**YOUR GOAL**
Could you please retype all of the data below exactly?

**MATERIAL PROVIDED**
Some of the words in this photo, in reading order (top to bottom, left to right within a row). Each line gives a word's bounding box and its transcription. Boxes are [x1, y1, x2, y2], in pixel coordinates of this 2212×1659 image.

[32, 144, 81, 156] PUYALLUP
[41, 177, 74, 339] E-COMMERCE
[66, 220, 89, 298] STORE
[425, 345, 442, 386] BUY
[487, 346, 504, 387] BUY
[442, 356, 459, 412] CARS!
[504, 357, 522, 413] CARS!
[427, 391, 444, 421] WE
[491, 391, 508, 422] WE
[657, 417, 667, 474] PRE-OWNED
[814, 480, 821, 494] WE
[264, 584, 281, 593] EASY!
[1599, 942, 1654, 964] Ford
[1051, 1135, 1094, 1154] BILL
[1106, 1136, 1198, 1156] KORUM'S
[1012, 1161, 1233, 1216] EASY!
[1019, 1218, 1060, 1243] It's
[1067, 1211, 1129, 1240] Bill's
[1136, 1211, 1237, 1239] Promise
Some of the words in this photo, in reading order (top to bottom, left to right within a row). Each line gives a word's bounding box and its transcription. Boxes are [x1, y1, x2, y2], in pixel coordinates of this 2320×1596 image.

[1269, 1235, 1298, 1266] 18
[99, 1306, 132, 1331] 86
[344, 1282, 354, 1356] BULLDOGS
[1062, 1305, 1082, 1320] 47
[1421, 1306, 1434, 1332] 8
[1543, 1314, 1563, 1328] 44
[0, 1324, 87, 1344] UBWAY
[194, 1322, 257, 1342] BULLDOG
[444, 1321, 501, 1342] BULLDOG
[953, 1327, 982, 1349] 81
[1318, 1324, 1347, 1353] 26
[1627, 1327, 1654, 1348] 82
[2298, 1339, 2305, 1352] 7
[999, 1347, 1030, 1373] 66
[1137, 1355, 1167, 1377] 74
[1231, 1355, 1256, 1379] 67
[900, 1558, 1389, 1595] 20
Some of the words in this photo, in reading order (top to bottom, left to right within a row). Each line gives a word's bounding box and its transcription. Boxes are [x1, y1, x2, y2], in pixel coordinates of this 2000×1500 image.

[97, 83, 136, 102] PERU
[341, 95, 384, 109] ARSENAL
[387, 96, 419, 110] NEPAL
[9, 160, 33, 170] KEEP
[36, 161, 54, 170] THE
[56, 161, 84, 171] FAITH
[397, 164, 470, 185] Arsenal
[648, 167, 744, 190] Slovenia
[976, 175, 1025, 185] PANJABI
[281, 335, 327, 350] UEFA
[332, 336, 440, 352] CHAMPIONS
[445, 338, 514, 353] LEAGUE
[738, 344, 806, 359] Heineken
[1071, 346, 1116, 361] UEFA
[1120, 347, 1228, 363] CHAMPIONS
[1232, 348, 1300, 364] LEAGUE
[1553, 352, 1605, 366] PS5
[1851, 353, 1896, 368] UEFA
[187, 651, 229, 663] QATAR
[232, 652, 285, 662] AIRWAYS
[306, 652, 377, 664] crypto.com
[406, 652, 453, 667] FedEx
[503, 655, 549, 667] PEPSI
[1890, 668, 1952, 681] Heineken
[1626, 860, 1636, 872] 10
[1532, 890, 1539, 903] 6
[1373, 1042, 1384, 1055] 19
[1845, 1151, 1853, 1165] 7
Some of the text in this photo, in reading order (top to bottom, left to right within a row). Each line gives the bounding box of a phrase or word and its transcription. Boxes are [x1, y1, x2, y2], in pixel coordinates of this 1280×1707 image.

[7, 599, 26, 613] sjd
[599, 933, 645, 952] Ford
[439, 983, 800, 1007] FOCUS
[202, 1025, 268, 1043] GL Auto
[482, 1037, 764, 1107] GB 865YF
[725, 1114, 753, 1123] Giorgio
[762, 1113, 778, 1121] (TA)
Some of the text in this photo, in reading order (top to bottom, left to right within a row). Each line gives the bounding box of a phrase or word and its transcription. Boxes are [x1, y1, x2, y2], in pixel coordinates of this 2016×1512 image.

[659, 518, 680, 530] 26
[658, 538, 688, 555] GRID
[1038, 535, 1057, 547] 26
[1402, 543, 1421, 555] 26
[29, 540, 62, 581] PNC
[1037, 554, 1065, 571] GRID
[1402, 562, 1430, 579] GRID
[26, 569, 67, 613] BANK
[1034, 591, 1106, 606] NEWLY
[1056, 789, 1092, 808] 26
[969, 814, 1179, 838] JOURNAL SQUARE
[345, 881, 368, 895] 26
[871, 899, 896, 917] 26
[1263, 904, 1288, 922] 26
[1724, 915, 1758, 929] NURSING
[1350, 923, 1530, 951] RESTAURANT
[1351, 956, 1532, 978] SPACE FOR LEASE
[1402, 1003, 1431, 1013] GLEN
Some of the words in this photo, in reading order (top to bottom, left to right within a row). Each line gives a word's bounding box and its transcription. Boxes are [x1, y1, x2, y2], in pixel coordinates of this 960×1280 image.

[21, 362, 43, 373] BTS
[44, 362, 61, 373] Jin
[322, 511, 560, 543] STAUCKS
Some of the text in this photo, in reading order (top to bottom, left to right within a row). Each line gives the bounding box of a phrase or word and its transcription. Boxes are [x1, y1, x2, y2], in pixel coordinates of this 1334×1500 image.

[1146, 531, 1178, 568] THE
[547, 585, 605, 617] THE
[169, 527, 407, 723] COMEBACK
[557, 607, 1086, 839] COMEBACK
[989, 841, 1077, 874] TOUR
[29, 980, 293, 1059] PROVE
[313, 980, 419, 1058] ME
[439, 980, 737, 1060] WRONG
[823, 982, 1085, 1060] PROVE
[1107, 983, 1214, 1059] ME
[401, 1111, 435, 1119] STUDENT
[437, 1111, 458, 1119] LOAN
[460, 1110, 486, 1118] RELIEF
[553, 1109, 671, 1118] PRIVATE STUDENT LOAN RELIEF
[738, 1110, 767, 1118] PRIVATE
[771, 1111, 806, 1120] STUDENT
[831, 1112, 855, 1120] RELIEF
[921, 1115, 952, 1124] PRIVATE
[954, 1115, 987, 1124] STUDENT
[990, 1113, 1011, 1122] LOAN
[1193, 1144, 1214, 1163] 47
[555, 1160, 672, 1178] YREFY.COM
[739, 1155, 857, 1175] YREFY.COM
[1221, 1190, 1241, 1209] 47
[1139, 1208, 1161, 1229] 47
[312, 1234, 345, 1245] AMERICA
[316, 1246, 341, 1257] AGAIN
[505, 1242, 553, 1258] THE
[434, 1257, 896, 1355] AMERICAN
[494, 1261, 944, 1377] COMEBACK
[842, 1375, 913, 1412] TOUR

**EXPECTED ANSWER**
Some of the words in this photo, in reading order (top to bottom, left to right within a row). Each line gives a word's bounding box and its transcription. Boxes are [x1, y1, x2, y2], in pixel coordinates of this 2212×1659 image.

[32, 144, 81, 156] PUYALLUP
[41, 177, 74, 339] E-COMMERCE
[66, 220, 89, 298] STORE
[425, 345, 442, 386] BUY
[487, 346, 504, 387] BUY
[442, 356, 459, 412] CARS!
[504, 357, 522, 413] CARS!
[427, 391, 444, 421] WE
[491, 391, 508, 422] WE
[657, 417, 667, 474] PRE-OWNED
[814, 480, 821, 494] WE
[264, 584, 281, 593] EASY!
[1599, 942, 1654, 964] Ford
[1051, 1135, 1094, 1154] BILL
[1106, 1136, 1198, 1156] KORUM'S
[1012, 1161, 1233, 1216] EASY!
[1019, 1218, 1060, 1243] It's
[1067, 1211, 1129, 1240] Bill's
[1136, 1211, 1237, 1239] Promise
Some of the words in this photo, in reading order (top to bottom, left to right within a row). Each line gives a word's bounding box and its transcription. Boxes are [x1, y1, x2, y2], in pixel coordinates of this 2320×1596 image.

[1269, 1235, 1298, 1266] 18
[99, 1306, 132, 1331] 86
[344, 1282, 354, 1356] BULLDOGS
[1062, 1305, 1082, 1320] 47
[1421, 1306, 1434, 1332] 8
[1543, 1314, 1563, 1328] 44
[0, 1324, 87, 1344] UBWAY
[194, 1322, 257, 1342] BULLDOG
[444, 1321, 501, 1342] BULLDOG
[953, 1327, 982, 1349] 81
[1318, 1324, 1347, 1353] 26
[1627, 1327, 1654, 1348] 82
[2298, 1339, 2305, 1352] 7
[999, 1347, 1030, 1373] 66
[1137, 1355, 1167, 1377] 74
[1231, 1355, 1256, 1379] 67
[900, 1558, 1389, 1595] 20
Some of the words in this photo, in reading order (top to bottom, left to right within a row). Each line gives a word's bounding box and its transcription. Boxes are [x1, y1, x2, y2], in pixel coordinates of this 2000×1500 image.

[97, 83, 136, 102] PERU
[341, 95, 384, 109] ARSENAL
[387, 96, 419, 110] NEPAL
[9, 160, 33, 170] KEEP
[36, 161, 54, 170] THE
[56, 161, 84, 171] FAITH
[397, 164, 470, 185] Arsenal
[648, 167, 744, 190] Slovenia
[976, 175, 1025, 185] PANJABI
[281, 335, 327, 350] UEFA
[332, 336, 440, 352] CHAMPIONS
[445, 338, 514, 353] LEAGUE
[738, 344, 806, 359] Heineken
[1071, 346, 1116, 361] UEFA
[1120, 347, 1228, 363] CHAMPIONS
[1232, 348, 1300, 364] LEAGUE
[1553, 352, 1605, 366] PS5
[1851, 353, 1896, 368] UEFA
[187, 651, 229, 663] QATAR
[232, 652, 285, 662] AIRWAYS
[306, 652, 377, 664] crypto.com
[406, 652, 453, 667] FedEx
[503, 655, 549, 667] PEPSI
[1890, 668, 1952, 681] Heineken
[1626, 860, 1636, 872] 10
[1532, 890, 1539, 903] 6
[1373, 1042, 1384, 1055] 19
[1845, 1151, 1853, 1165] 7
Some of the text in this photo, in reading order (top to bottom, left to right within a row). Each line gives the bounding box of a phrase or word and its transcription. Boxes are [x1, y1, x2, y2], in pixel coordinates of this 1280×1707 image.

[7, 599, 26, 613] sjd
[599, 933, 645, 952] Ford
[439, 983, 800, 1007] FOCUS
[202, 1025, 268, 1043] GL Auto
[482, 1037, 764, 1107] GB 865YF
[725, 1114, 753, 1123] Giorgio
[762, 1113, 778, 1121] (TA)
Some of the text in this photo, in reading order (top to bottom, left to right within a row). Each line gives the bounding box of a phrase or word and its transcription. Boxes are [x1, y1, x2, y2], in pixel coordinates of this 2016×1512 image.

[659, 518, 680, 530] 26
[658, 538, 688, 555] GRID
[1038, 535, 1057, 547] 26
[1402, 543, 1421, 555] 26
[29, 540, 62, 581] PNC
[1037, 554, 1065, 571] GRID
[1402, 562, 1430, 579] GRID
[26, 569, 67, 613] BANK
[1034, 591, 1106, 606] NEWLY
[1056, 789, 1092, 808] 26
[969, 814, 1179, 838] JOURNAL SQUARE
[345, 881, 368, 895] 26
[871, 899, 896, 917] 26
[1263, 904, 1288, 922] 26
[1724, 915, 1758, 929] NURSING
[1350, 923, 1530, 951] RESTAURANT
[1351, 956, 1532, 978] SPACE FOR LEASE
[1402, 1003, 1431, 1013] GLEN
Some of the words in this photo, in reading order (top to bottom, left to right within a row). Each line gives a word's bounding box and its transcription. Boxes are [x1, y1, x2, y2], in pixel coordinates of this 960×1280 image.

[21, 362, 43, 373] BTS
[44, 362, 61, 373] Jin
[322, 511, 560, 543] STAUCKS
Some of the text in this photo, in reading order (top to bottom, left to right within a row). Each line gives the bounding box of a phrase or word and its transcription. Boxes are [x1, y1, x2, y2], in pixel coordinates of this 1334×1500 image.

[1146, 531, 1178, 568] THE
[547, 585, 605, 617] THE
[169, 527, 407, 723] COMEBACK
[557, 607, 1086, 839] COMEBACK
[989, 841, 1077, 874] TOUR
[29, 980, 293, 1059] PROVE
[313, 980, 419, 1058] ME
[439, 980, 737, 1060] WRONG
[823, 982, 1085, 1060] PROVE
[1107, 983, 1214, 1059] ME
[401, 1111, 435, 1119] STUDENT
[437, 1111, 458, 1119] LOAN
[460, 1110, 486, 1118] RELIEF
[553, 1109, 671, 1118] PRIVATE STUDENT LOAN RELIEF
[738, 1110, 767, 1118] PRIVATE
[771, 1111, 806, 1120] STUDENT
[831, 1112, 855, 1120] RELIEF
[921, 1115, 952, 1124] PRIVATE
[954, 1115, 987, 1124] STUDENT
[990, 1113, 1011, 1122] LOAN
[1193, 1144, 1214, 1163] 47
[555, 1160, 672, 1178] YREFY.COM
[739, 1155, 857, 1175] YREFY.COM
[1221, 1190, 1241, 1209] 47
[1139, 1208, 1161, 1229] 47
[312, 1234, 345, 1245] AMERICA
[316, 1246, 341, 1257] AGAIN
[505, 1242, 553, 1258] THE
[434, 1257, 896, 1355] AMERICAN
[494, 1261, 944, 1377] COMEBACK
[842, 1375, 913, 1412] TOUR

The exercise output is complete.